Fellow reformed people pleaser here. I know exactly where you are.

There is no quick fix to it but you have to come to a place that you believe you are worthy of being loved for exactly who you are.

The challenge post infidelity is for the first time you are not actually worthy of being loved for who you are, at least rightfully so in your wife’s eyes. It would have been so much easier to be authentic and feel your needs and feelings before making your wife question who the fuck you really are.

So now, she doesn’t know what to believe and you are trying to show up authentically/ she has no baseline to know what’s real and what’s not. Its just going to take a long converted effort of being authentic and balancing your wife’s needs.

I found it better to consider my needs and feelings at a separate time from when my husband and I were interacting. I made a strict line in my head that when we talk, no matter how emotional or angry he was that I never forget why. I made myself be in his shoes as much as possible. I gave him what he needed, calm reassurance, I imagined his feelings kind of flowing out like he’d been snake bitten. The venom and the infection was draining and that would continue until the inflammation was gone. As long as I could be there to soothe him to my best ability and provide the honest truth and as much compassion as possible, the more he could let out the better he would heal.

You have to do it in a way that you also aren’t letting that venom enter you. Let it all to the floor while you comfort your wife. And in your own time you need to be planning how to create a new recent history where you are doing as many of the right things as you can for both of you. The things that will make you feel good about yourself are the exact things she needs to see. Make a commitment every day to do something nice for her that makes her day easier.

But don’t do it to earn love. Do it non-transactionally, giving her unconditional love and seeking nothing in return. Always be honest and authentic. You truly love her and want her to heal, keep that front of mind always.

People pleasing is doing things to be seen a certain way, often to earn love. Doing things out of love doesn’t have the same motivation. It’s unselfish. And by learning to live in the way, you must do the very same for yourself. Pay attention to the way you think of yourself, speak to yourself. Make as concerted of an effort to be kind and patient with you as well. As much as you can give to yourself will allow you to have the energy and sanity give it to her.
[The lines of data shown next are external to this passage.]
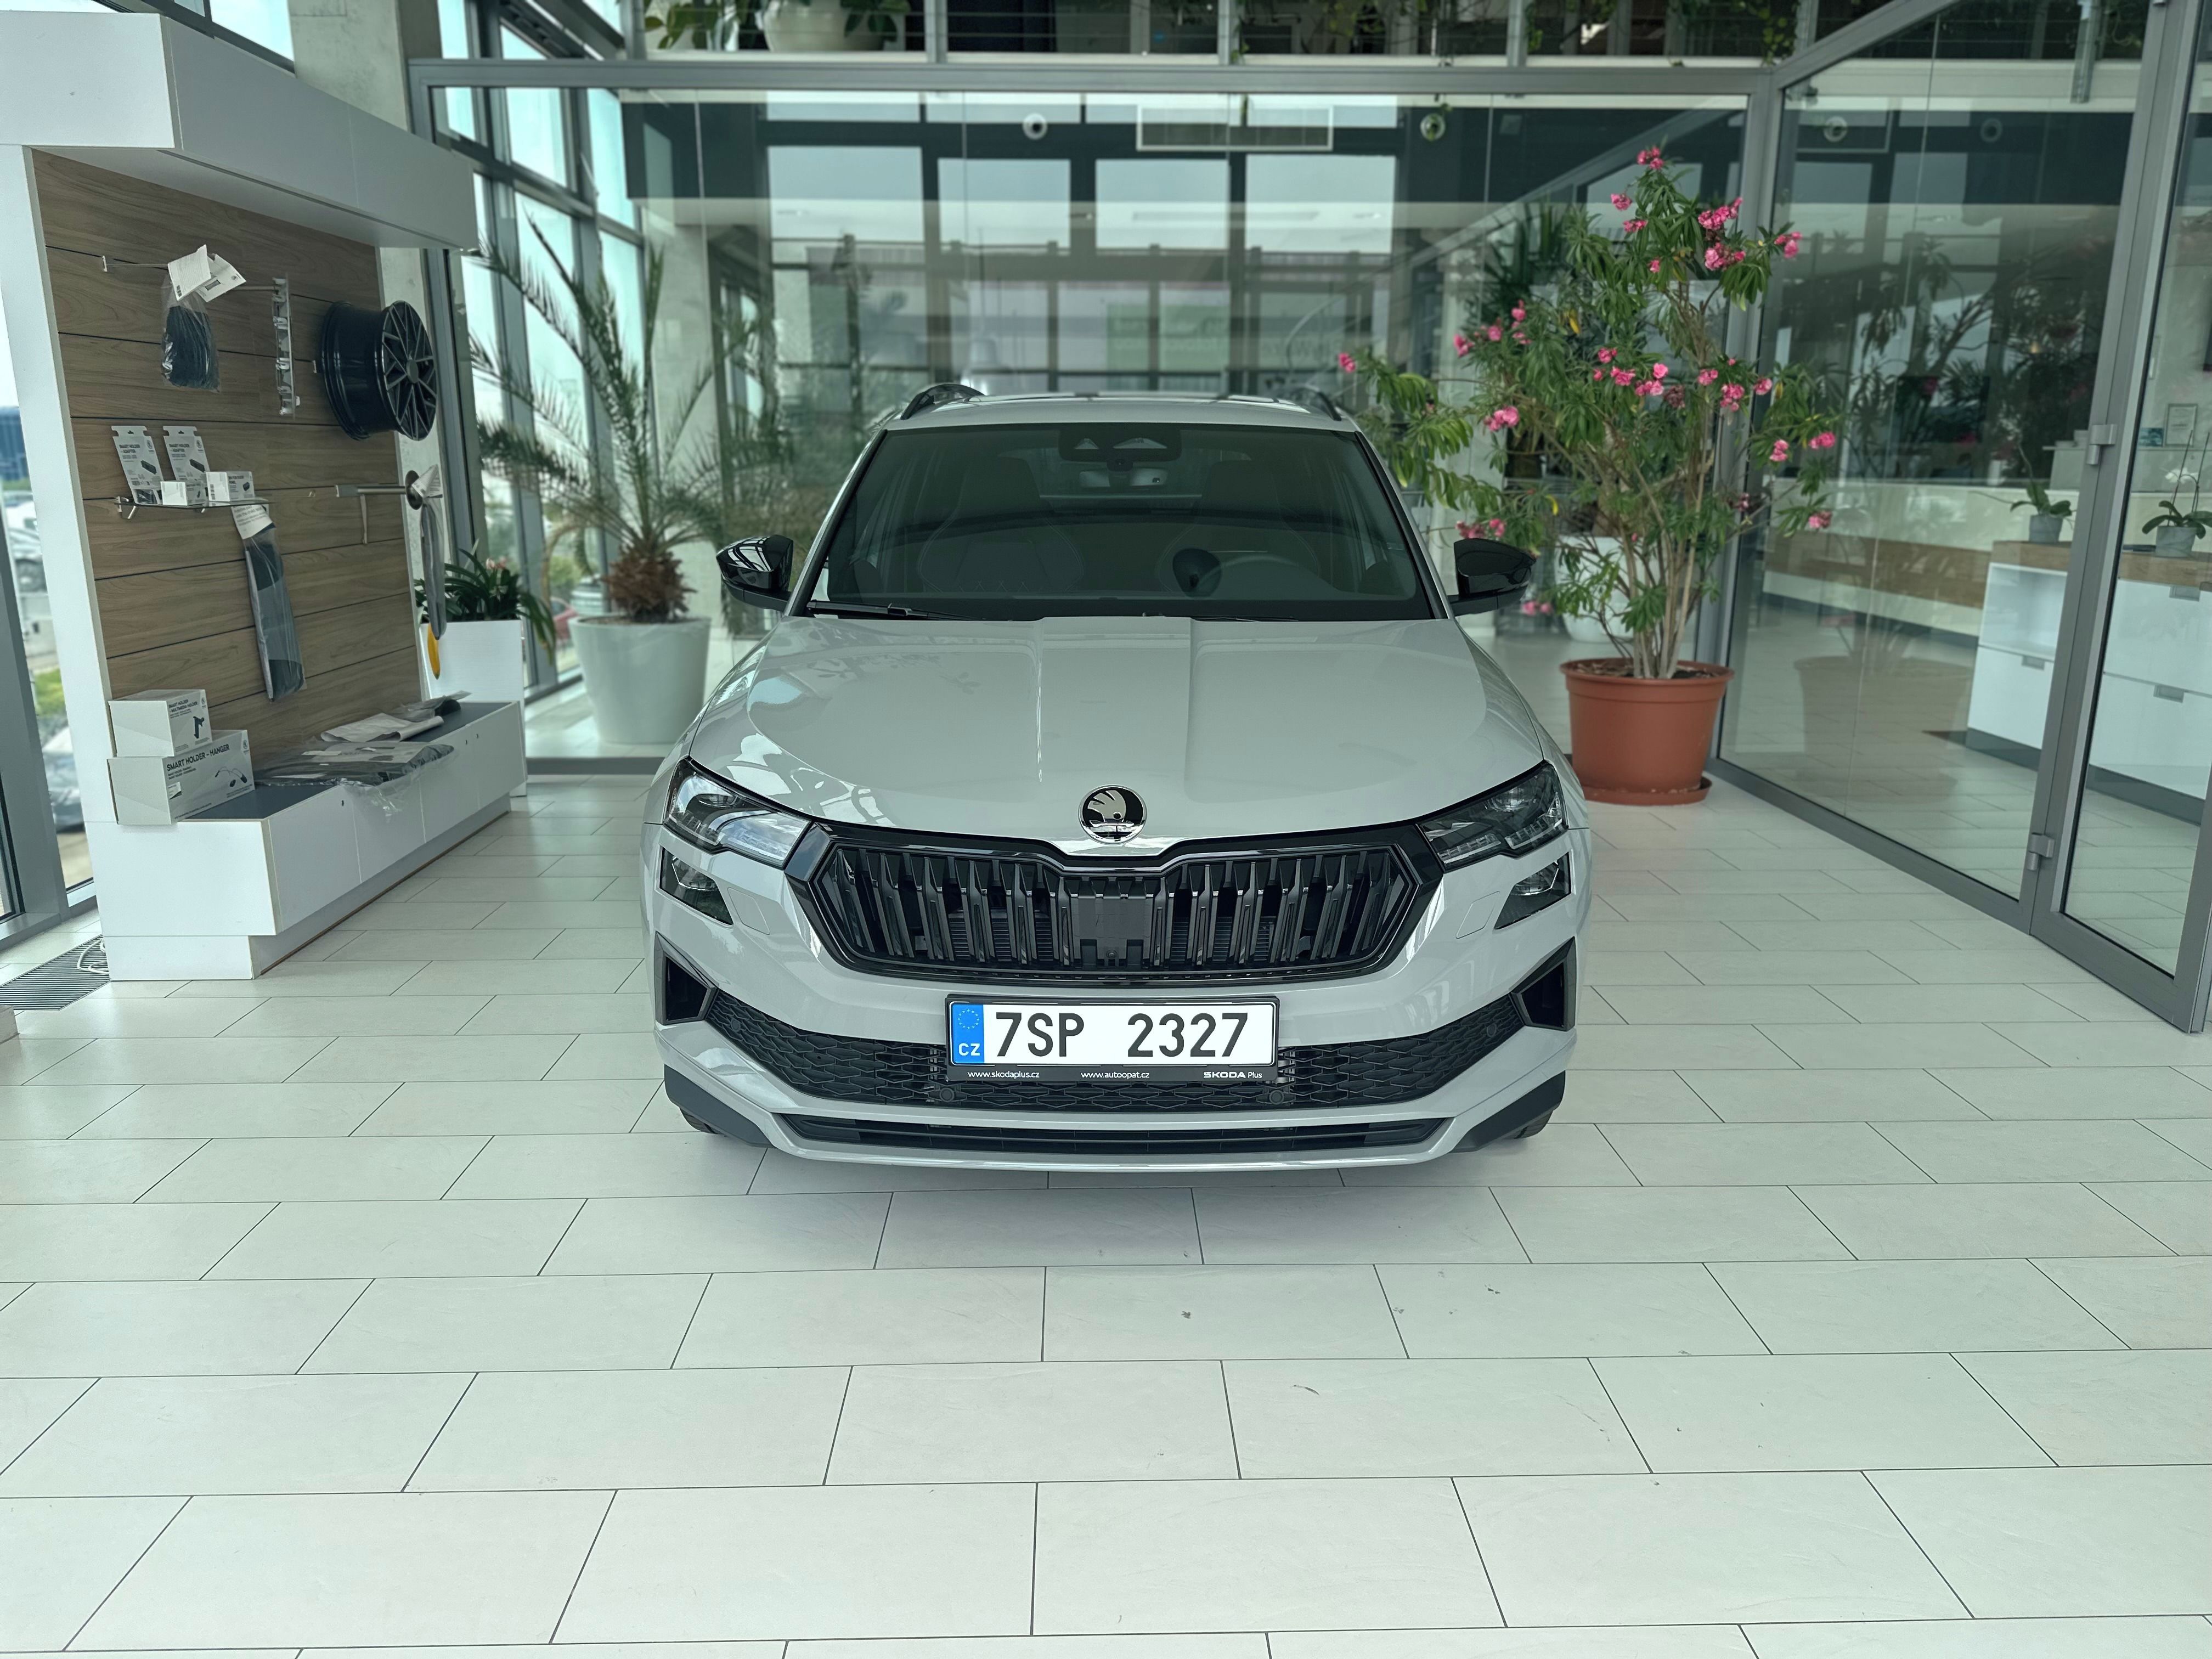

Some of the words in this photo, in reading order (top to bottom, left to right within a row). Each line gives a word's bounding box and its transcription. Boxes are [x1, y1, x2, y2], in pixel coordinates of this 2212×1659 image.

[167, 759, 185, 771] SMART
[185, 752, 206, 765] HOLDER
[210, 744, 230, 757] HANGER
[996, 1012, 1085, 1057] 7SP
[1127, 1012, 1248, 1057] 2327
[958, 1043, 980, 1056] CZ
[967, 1070, 1040, 1079] www.skodaplus.cz
[1080, 1071, 1150, 1080] www.autoopat.cz
My advice for new ws used to be make sure you are doing self care every day. Whether that’s exercise, a hobby, something that makes you feel good even if it’s only for five minutes. Keep building that relationship with yourself. The more you expand in that area the more brave you will be towards connection and vulnerability.

It’s like an oxygen mask in a plane. You put your gas mask on with self care and working towards having compassion and love for yourself, and then you will have the needed oxygen to give to her.

Otherwise you will find yourself in this loop of hating yourself or thinking you are so daft and then it comes out in non loving ways towards her. The reason you couldn’t stand sitting there having that conversation is multi-faceted. You are not seeing her need to let the poison out, instead you are sitting there in your shame and allowing that to build. Shame is a useless emotion when it comes to helping you or her. Let that go and focus on who you want to be in that moment. The more you show up in the moment the better about yourself you will feel, and the more she will trust you to sit with her and give her what she needs.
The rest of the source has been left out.